Die Verfügbarkeit von Informationen ist kein Problem – und schon gar nicht ist sie die Schuld des Internets. Schon früher wusste in meiner Straße jeder, wie ich heiße, dass ich mir diese neue Platte gekauft habe und welche Note ich in der letzten Mathematikklausur hatte. Im Netz sind diese Informationen zwar geographisch und zeitlich grenzenlos verfügbar, deswegen aber längst nicht von grenzenlosem Interesse. Freunde mit dem gleichen Musikgeschmack interessieren sich dafür und die, die sich über meine Algebra-Kenntnisse amüsieren – heute wie damals. Weder kann ein Fremder mehr als früher mit dieser nun digitalen Information anfangen. Noch kann Google mehr tun, als mir ein Heft mit Rechenübungen anzubieten.
Trotz aller Offenheit bin ich nicht sorglos mit meinen Daten. Genauso, wie ich früher das Untersuchungsergebnis meines Hausarztes nicht zum Fenster hinausgerufen hätte, gebe ich es heute nicht bei Google Health an. Meine Handlungen und Ansichten sind, was sie sind. Realität und virtuelle Welt sind dabei nur verschiedene Ausgabekanäle derselben Information.
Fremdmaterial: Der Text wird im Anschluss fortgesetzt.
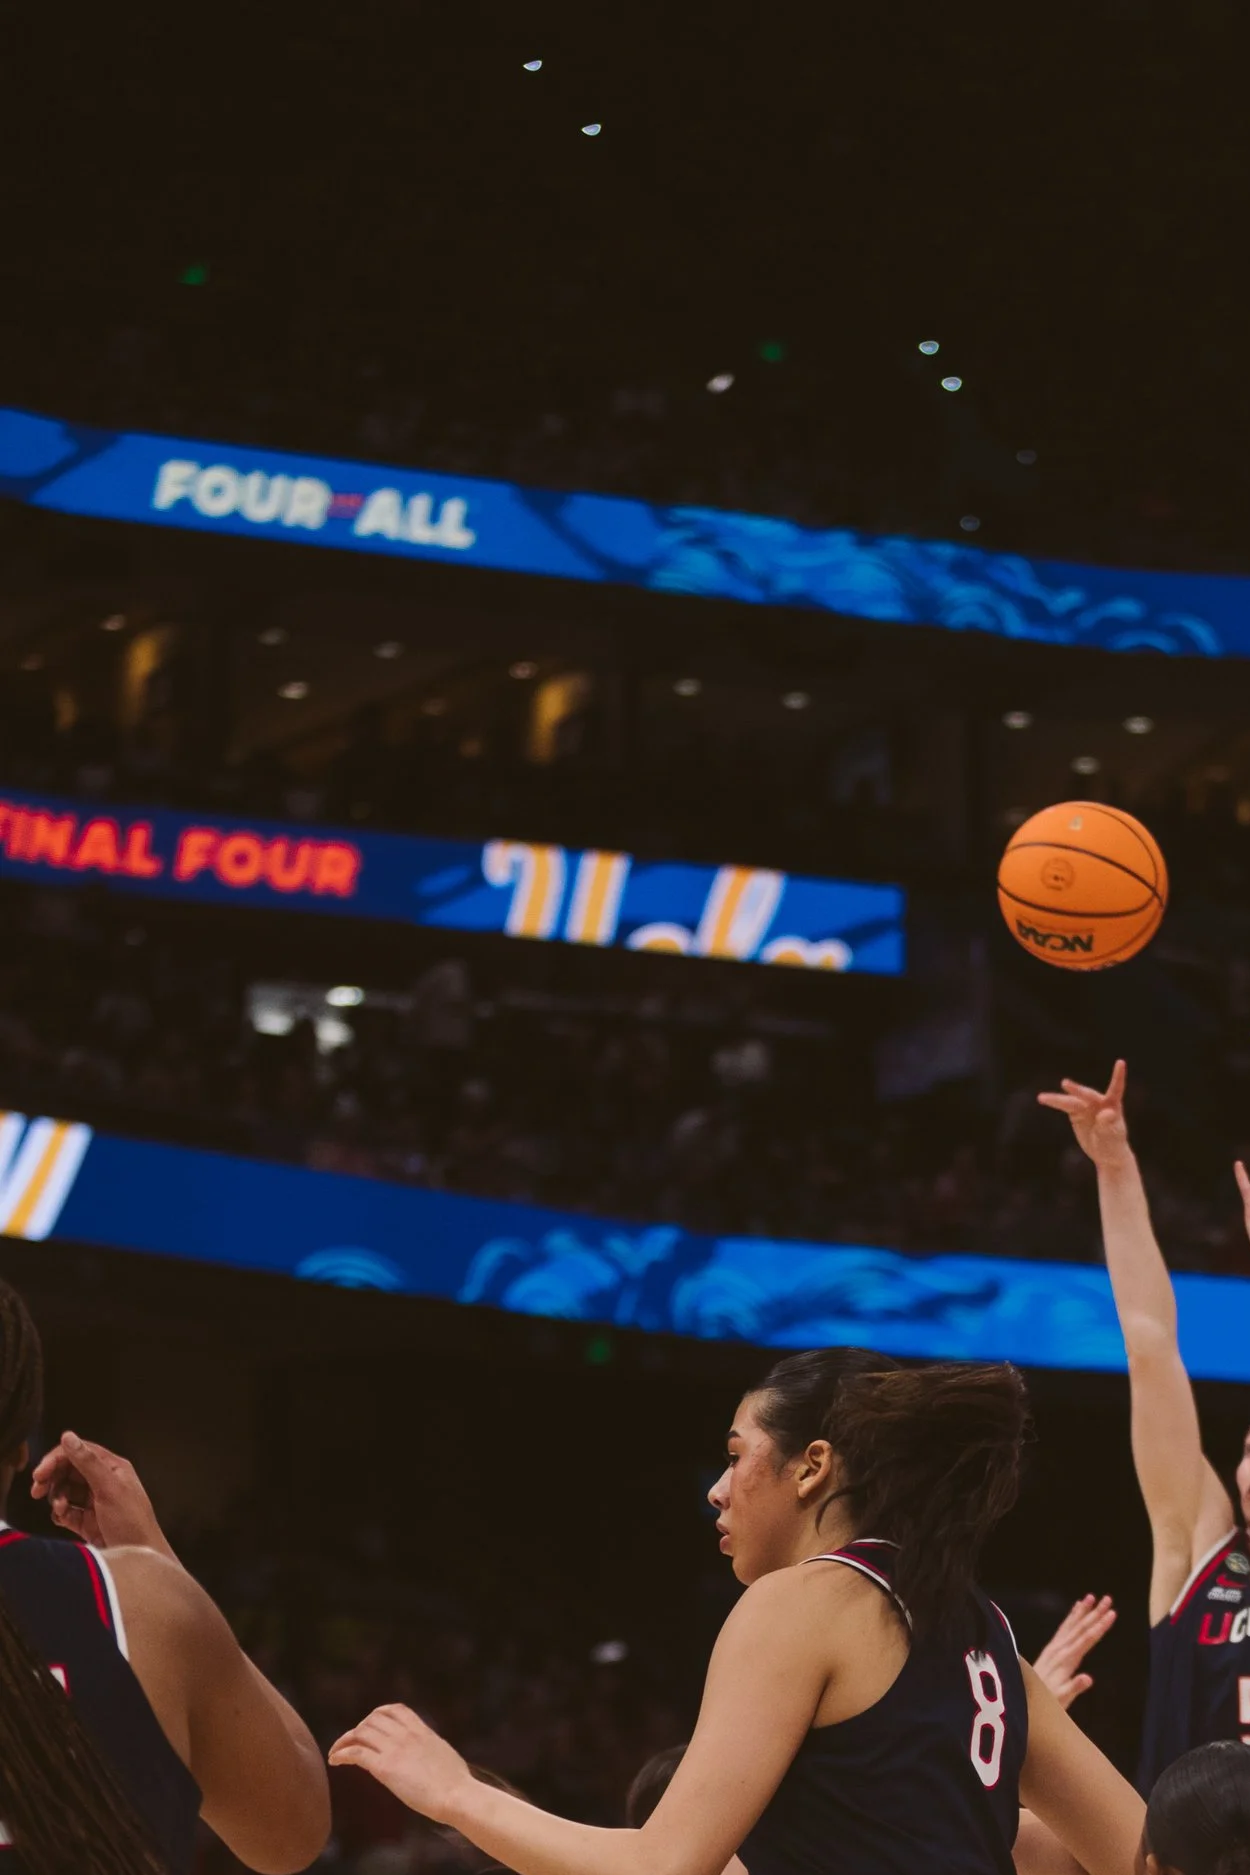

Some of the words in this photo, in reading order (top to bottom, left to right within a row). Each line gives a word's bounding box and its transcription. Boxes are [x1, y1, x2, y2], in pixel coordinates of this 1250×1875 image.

[154, 459, 332, 530] FOUR
[352, 487, 476, 550] ALL
[0, 798, 163, 880] INAL
[172, 825, 363, 898] FOUR
[1015, 915, 1094, 953] NCAA
[965, 1648, 1006, 1789] 8
Spätestens seit Twitter und Facebook ist das Netz nichts weiter als ein sozialer Raum, in dem jeder wissen muss, was er tut. Und weil deshalb der Gedanke absurd ist, im Netz anders mit Informationen über sich selbst umzugehen, als im echten Leben, überlege ich nun noch einmal ganz genau, ob ich wirklich jedes dieser Fotos von mir in diesem einen sozialen Netzwerk haben möchte.